(Stored data entries)
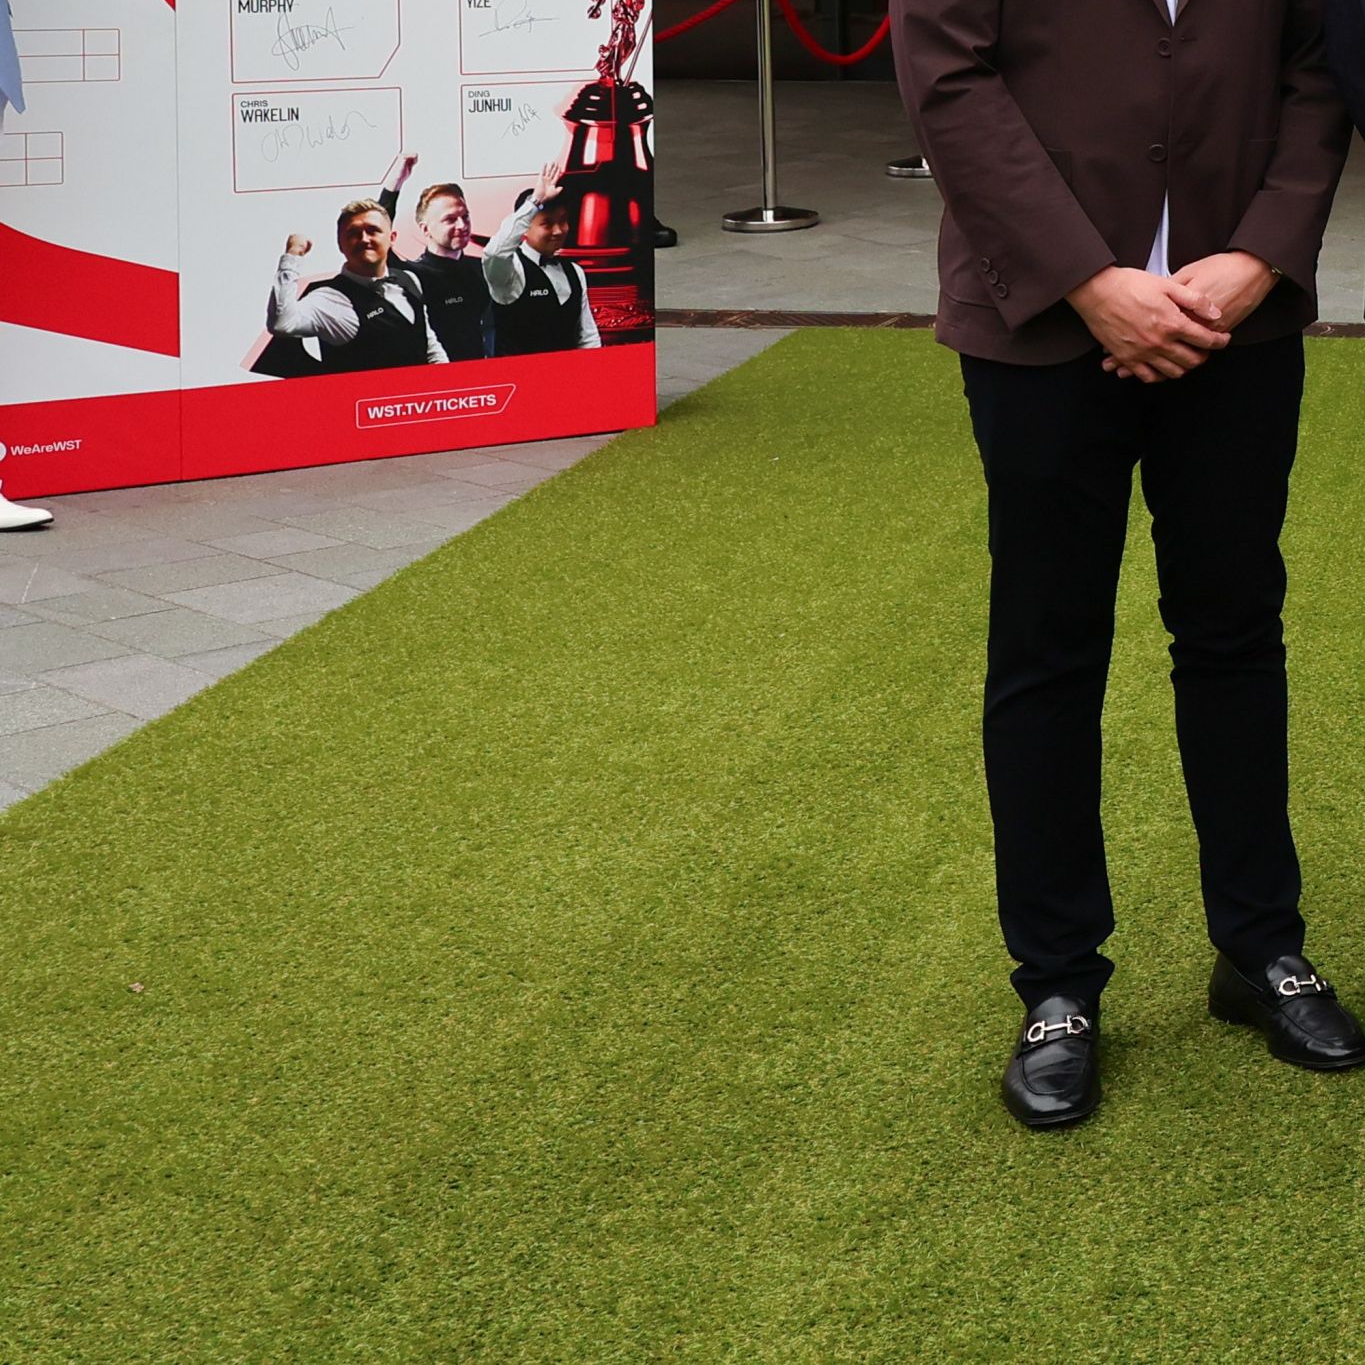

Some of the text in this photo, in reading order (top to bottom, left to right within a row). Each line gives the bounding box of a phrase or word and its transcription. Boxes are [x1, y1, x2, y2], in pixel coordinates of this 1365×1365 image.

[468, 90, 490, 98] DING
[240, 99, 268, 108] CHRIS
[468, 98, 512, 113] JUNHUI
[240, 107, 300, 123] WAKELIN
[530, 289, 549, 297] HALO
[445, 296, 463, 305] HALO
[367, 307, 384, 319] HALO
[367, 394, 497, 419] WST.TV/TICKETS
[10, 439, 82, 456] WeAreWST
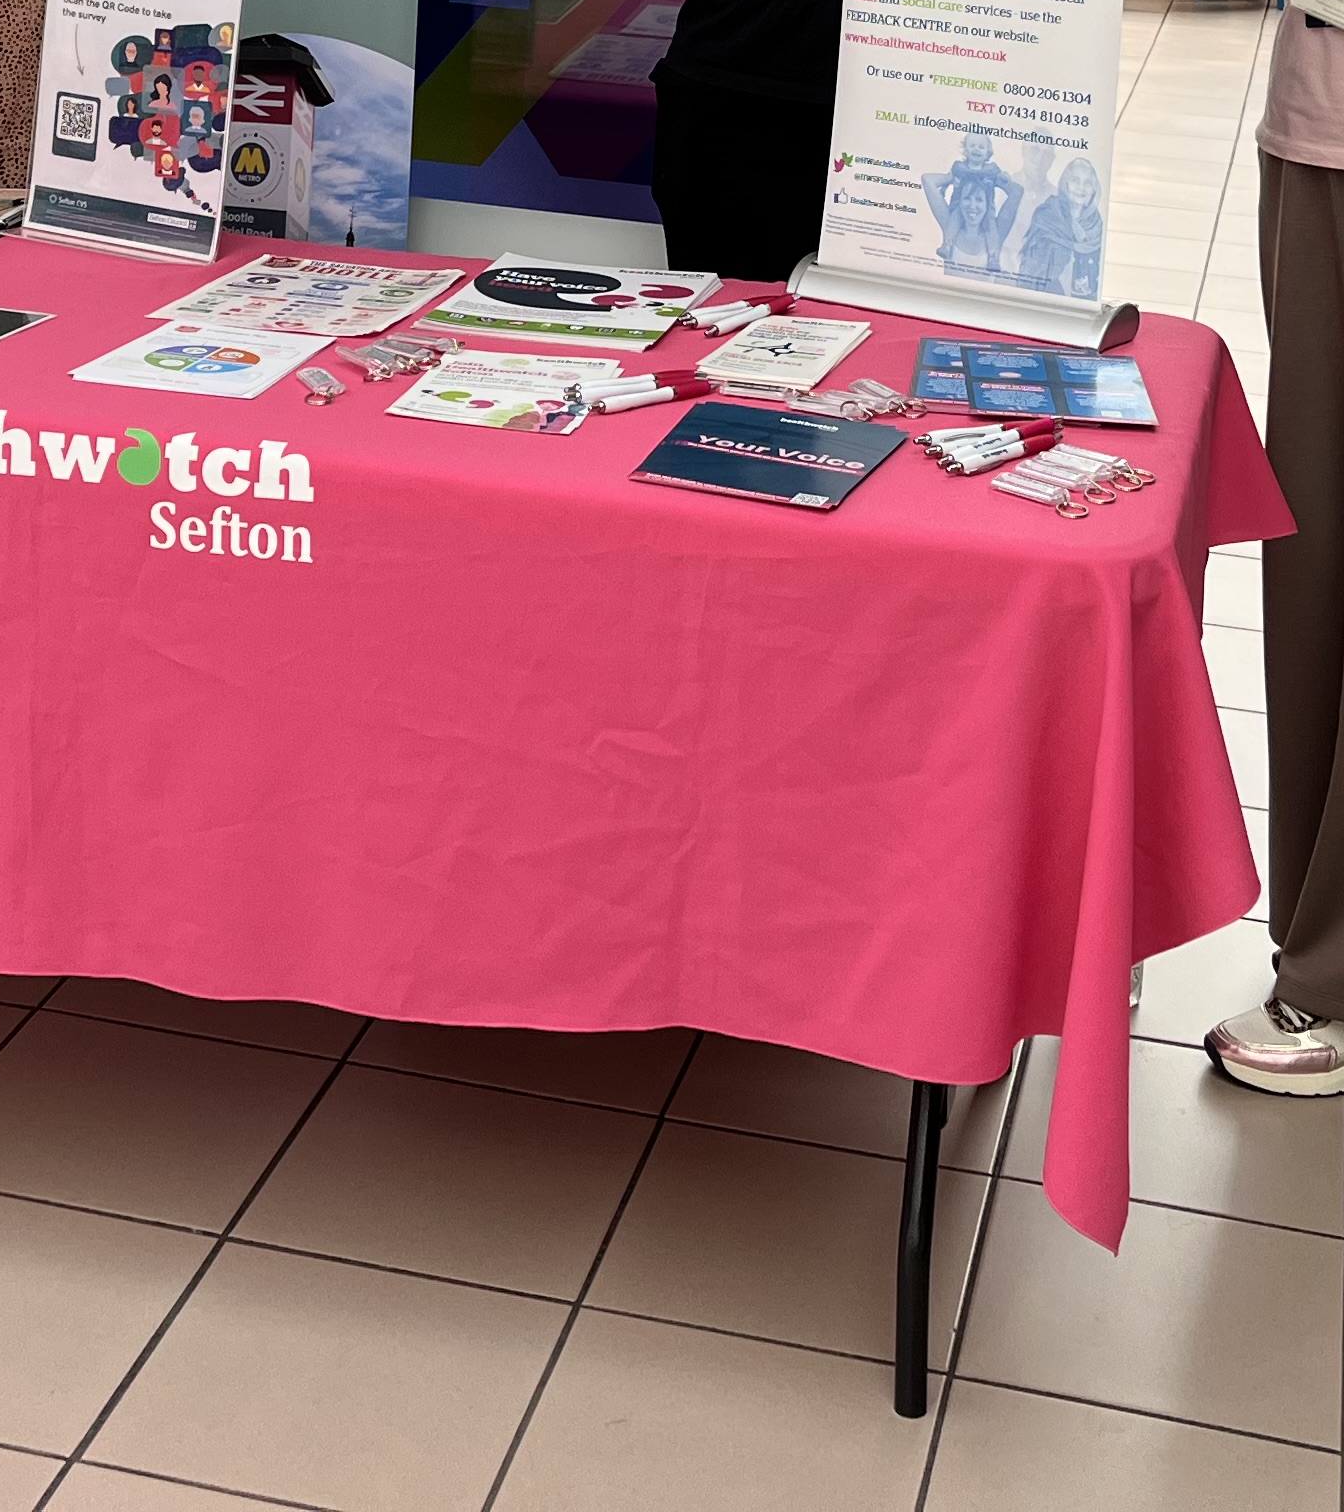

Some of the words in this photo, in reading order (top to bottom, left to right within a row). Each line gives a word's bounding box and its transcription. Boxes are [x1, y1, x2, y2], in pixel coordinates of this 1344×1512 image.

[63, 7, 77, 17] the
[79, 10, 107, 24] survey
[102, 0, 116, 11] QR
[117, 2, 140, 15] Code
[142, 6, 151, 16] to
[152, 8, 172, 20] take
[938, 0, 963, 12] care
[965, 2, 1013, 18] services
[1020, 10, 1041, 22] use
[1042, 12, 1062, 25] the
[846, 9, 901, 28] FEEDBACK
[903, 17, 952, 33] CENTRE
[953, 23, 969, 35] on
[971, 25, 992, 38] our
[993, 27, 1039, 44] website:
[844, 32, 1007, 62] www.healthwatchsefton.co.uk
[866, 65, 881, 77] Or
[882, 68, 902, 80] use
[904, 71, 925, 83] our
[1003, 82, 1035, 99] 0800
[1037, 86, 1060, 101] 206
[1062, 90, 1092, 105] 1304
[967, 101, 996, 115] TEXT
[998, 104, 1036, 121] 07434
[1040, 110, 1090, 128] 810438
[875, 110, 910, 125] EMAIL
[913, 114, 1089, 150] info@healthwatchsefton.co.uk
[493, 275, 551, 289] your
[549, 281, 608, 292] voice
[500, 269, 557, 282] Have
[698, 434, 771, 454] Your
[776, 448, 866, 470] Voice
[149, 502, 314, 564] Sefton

■ ABOUT THIS TASK
From the first line to the last, repeat the data above exactly and leave the pictures out.

■ FINISHED TASK
Some of the text in this photo, in reading order (top to bottom, left to right within a row). Each line gives the bounding box of a phrase or word and its transcription. Boxes are [x1, y1, x2, y2], in pixel coordinates of this 1365×1365 image.

[468, 90, 490, 98] DING
[240, 99, 268, 108] CHRIS
[468, 98, 512, 113] JUNHUI
[240, 107, 300, 123] WAKELIN
[530, 289, 549, 297] HALO
[445, 296, 463, 305] HALO
[367, 307, 384, 319] HALO
[367, 394, 497, 419] WST.TV/TICKETS
[10, 439, 82, 456] WeAreWST

Some of the words in this photo, in reading order (top to bottom, left to right within a row). Each line gives a word's bounding box and its transcription. Boxes are [x1, y1, x2, y2], in pixel coordinates of this 1344×1512 image.

[63, 7, 77, 17] the
[79, 10, 107, 24] survey
[102, 0, 116, 11] QR
[117, 2, 140, 15] Code
[142, 6, 151, 16] to
[152, 8, 172, 20] take
[938, 0, 963, 12] care
[965, 2, 1013, 18] services
[1020, 10, 1041, 22] use
[1042, 12, 1062, 25] the
[846, 9, 901, 28] FEEDBACK
[903, 17, 952, 33] CENTRE
[953, 23, 969, 35] on
[971, 25, 992, 38] our
[993, 27, 1039, 44] website:
[844, 32, 1007, 62] www.healthwatchsefton.co.uk
[866, 65, 881, 77] Or
[882, 68, 902, 80] use
[904, 71, 925, 83] our
[1003, 82, 1035, 99] 0800
[1037, 86, 1060, 101] 206
[1062, 90, 1092, 105] 1304
[967, 101, 996, 115] TEXT
[998, 104, 1036, 121] 07434
[1040, 110, 1090, 128] 810438
[875, 110, 910, 125] EMAIL
[913, 114, 1089, 150] info@healthwatchsefton.co.uk
[493, 275, 551, 289] your
[549, 281, 608, 292] voice
[500, 269, 557, 282] Have
[698, 434, 771, 454] Your
[776, 448, 866, 470] Voice
[149, 502, 314, 564] Sefton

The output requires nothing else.